Bundesbank erwartet scharfe Rezession

Außerdem geht die Bundesbank von einem Konjunkturrückgang in diesem Jahr von 7% aus. Sehr wahrscheinlich wird der aber durch die starke Aufholkonjunktur im Juli und August geringer ausfallen. Das spricht alles dafür, dass die Creditreform-Zahlen näher an der Realität sind. Es wird also nicht zu stark steigenden Insolvenzzahlen kommen. Allerdings bleibt die Lage auf längere Sicht unsicher. Weitere Lockdowns, eine Rezession in Europa als wichtigstem Exportmarkt für deutsche Unternehmen, und andere Faktoren könnten längerfristig die Insolvenzzahlen hochtreiben.

Bundesbank-Szenario: Insolvenzen nicht Ursache für erneute Rezession

Selbst die Bundesbank erwartet aber nicht, dass der von ihr prognostizierte Insolvenzanstieg zu einer Rückkehr in die Rezession führt.
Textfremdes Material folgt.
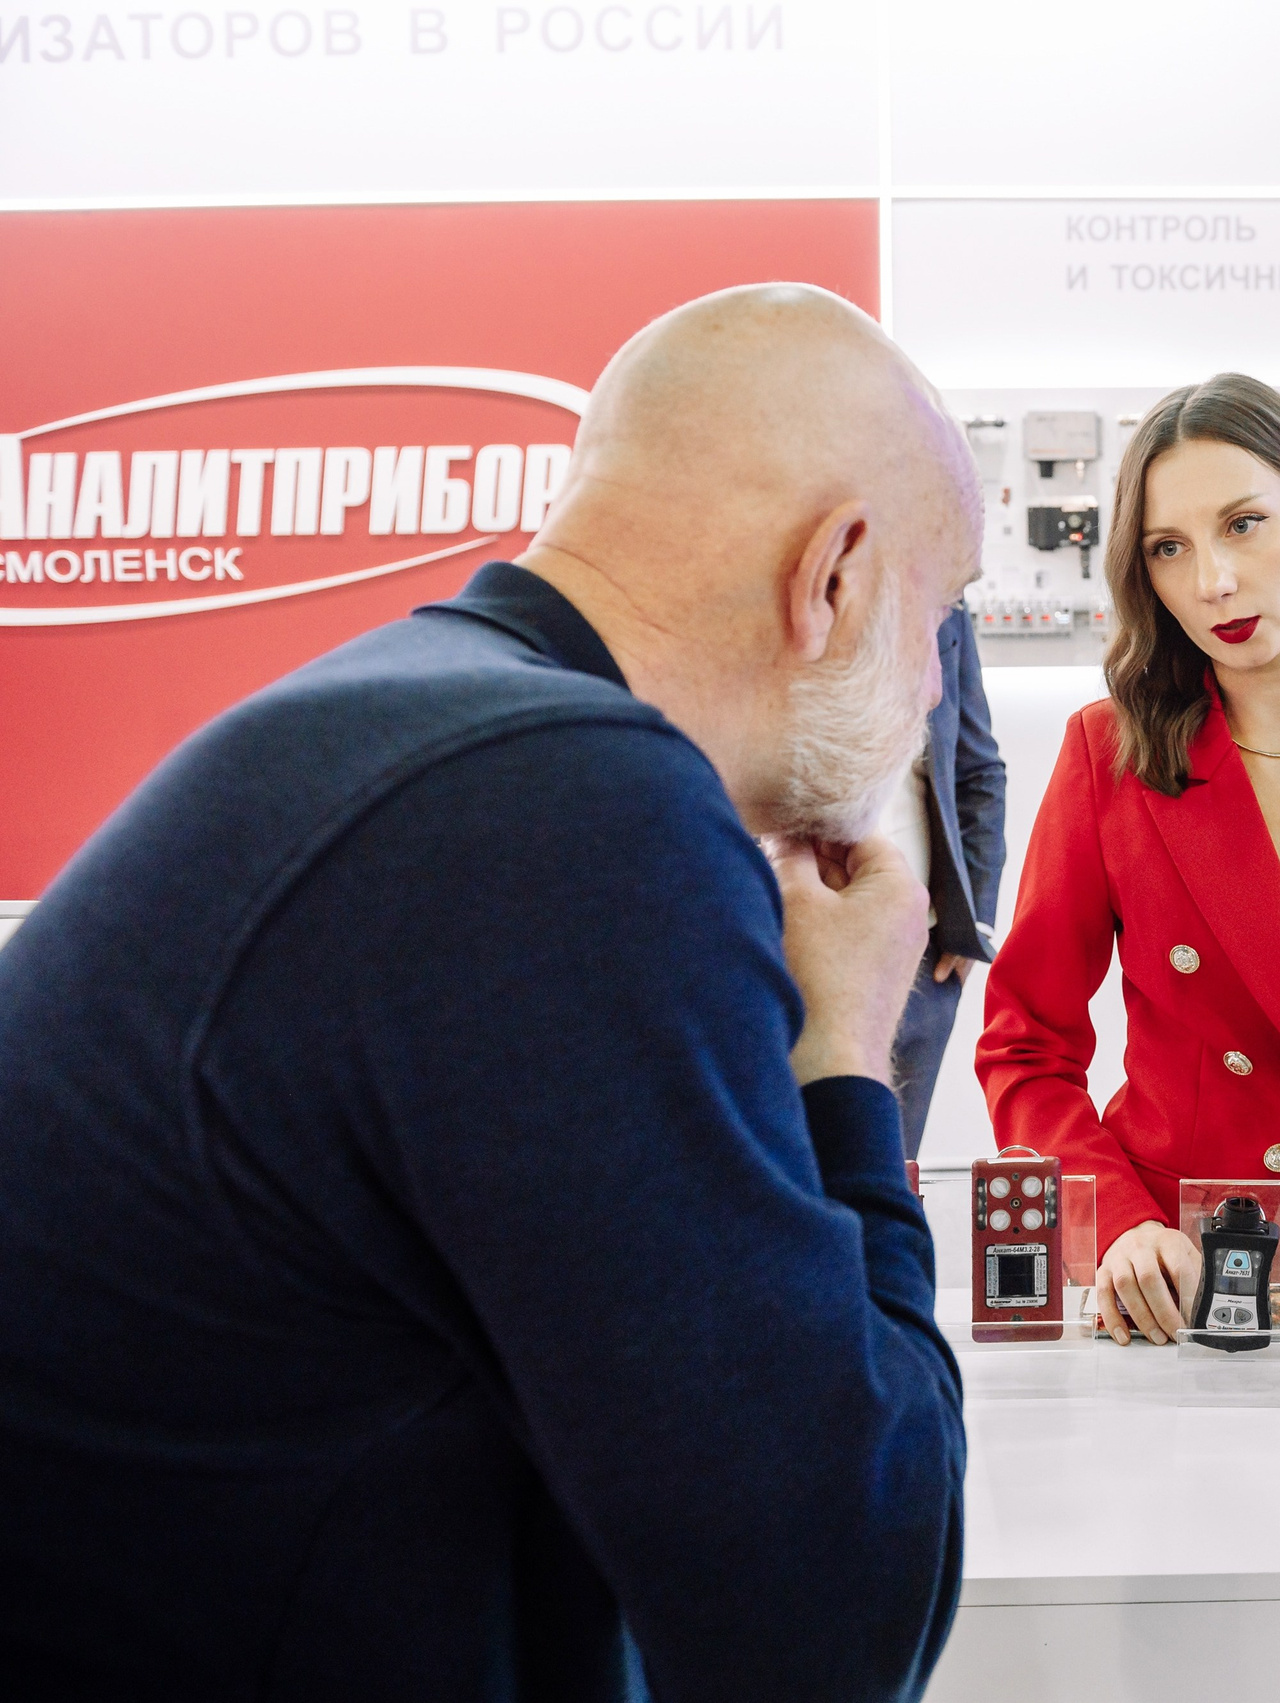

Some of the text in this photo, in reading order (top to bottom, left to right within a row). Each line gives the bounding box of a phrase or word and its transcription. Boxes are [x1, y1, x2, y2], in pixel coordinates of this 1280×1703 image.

[0, 4, 785, 64] ИЗАТОРОВ В РОССИИ
[1067, 215, 1255, 242] КОНТРОЛЬ
[1067, 264, 1088, 291] И
[0, 547, 243, 583] МОЛЕНСК
Sie geht in ihren Prognosen davon aus, dass es im ersten Quartal 2021 zu etwa 6.200 Insolvenzen kommt, nach etwa 5.000 in den letzten Quartalen. Dieser Anstieg ist undramatisch und wird die Konjunktur kaum beeinflussen. Zwischen 1997 und 2013 wurden wesentlich höhere Insolvenzzahlen erreicht.

Fazit: Ein starker Anstieg der Insolvenzzahlen 2021 wird ausbleiben. Die Modellrechnungen der Bundesbank bilden die unternehmerische Realität dieser Wirtschaftskrise nur unzureichend ab.